Conversely, this value comes with a demerit that may water down the efficacy, as the elderly who choose to stay at home do not enjoy 24-hour care from nursing homes. They may therefore miss out on the detailed attention required in cases where their family members have to be away. Paying for Senior Care (2020) reports that participants are required to provide personal care for themselves and not wholly rely on the program for 24-hour care. The value of remaining within the community; albeit benefiting the target group-the elderly-may negatively affect the other population-the family-as they may be forced to either adjust their schedules, quit work or incur extra costs to hire a helper to stay behind on days they may be away.

Another element of the policy that meets the intended efficacy and the target group’s needs is its wide range of coverage-acceptance by 90% of America’s physicians, and availability in various Columbian states. This ensures a considerable part of the population is reached. It however has a downside as there are people who face inaccessibility based on their: location, like eligible elderlies who must be living within service areas of a PACE (Programs of All-inclusive Care for the Elderly) organization; preferred physician (in case they fall within the other 10%); status, such as immigrants; physical nature, such as the elderly disabled; and those who are compelled to pay an additional 20% to enjoy the policy. On the other hand, inclusion of all the services under one cover greatly enhances efficiency and ease of use.

Recommendations

Among the key areas of improvement to better the policy is the geographical area coverage. The Commonwealth Fund (2020) supports the need for this improvement by stating that America’s health coverage remains fragmented, with wide gaps in insured rates across the population. As identified, only 90% of American physicians accept the policy’s cover, and there are rural areas that are not covered. The percentages may be viewed as negligible, yet they still hugely impact the total population and mortality rate. Additionally, immigrants and low-income earners are locked out due to stringent paperwork requirements, and the need to partly chip in for the cover to be activated, hence the need for improvement of these groups’ covers.

I would recommend an improvement through enrolment of more physicians, and their deployment to all corners of the country to cover all regions. Secondly, immigrants should be provided with the policy’s benefits, with less bureaucracy in documentation and verification-the cover should immediately take effects upon confirmation of meeting legal citizenship requirements. Another major improvement would be ensuring the services by partner physicians and institutions provide the highest quality healthcare to citizens. This can be achieved by attaching incentives and penalties to their payments, based on their service quality and incidences of malpractice. Goodwin (2018) also supports my recommendation by advising that quality measures are critical for improvement of patient satisfaction, and suggests a Pay-for-performance system which rewards providers for achieving or exceeding benchmarks.

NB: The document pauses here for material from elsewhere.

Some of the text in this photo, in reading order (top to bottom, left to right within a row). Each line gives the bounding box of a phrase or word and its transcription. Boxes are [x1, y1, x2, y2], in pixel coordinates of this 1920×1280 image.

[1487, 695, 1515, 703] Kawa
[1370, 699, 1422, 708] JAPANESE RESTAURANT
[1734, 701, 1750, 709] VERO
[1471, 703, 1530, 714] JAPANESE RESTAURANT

I advocate for the policy, as I believe it is the key to not only improved healthcare, but also provision of the service to all, healthcare being among the basic needs a government owes its citizens. I strongly believe it already benefits the population, and with implementation of the recommendations and more in future; will upgrade to cater for all the various needs of the target population, improving the offering, lives, health and management of mortality rates.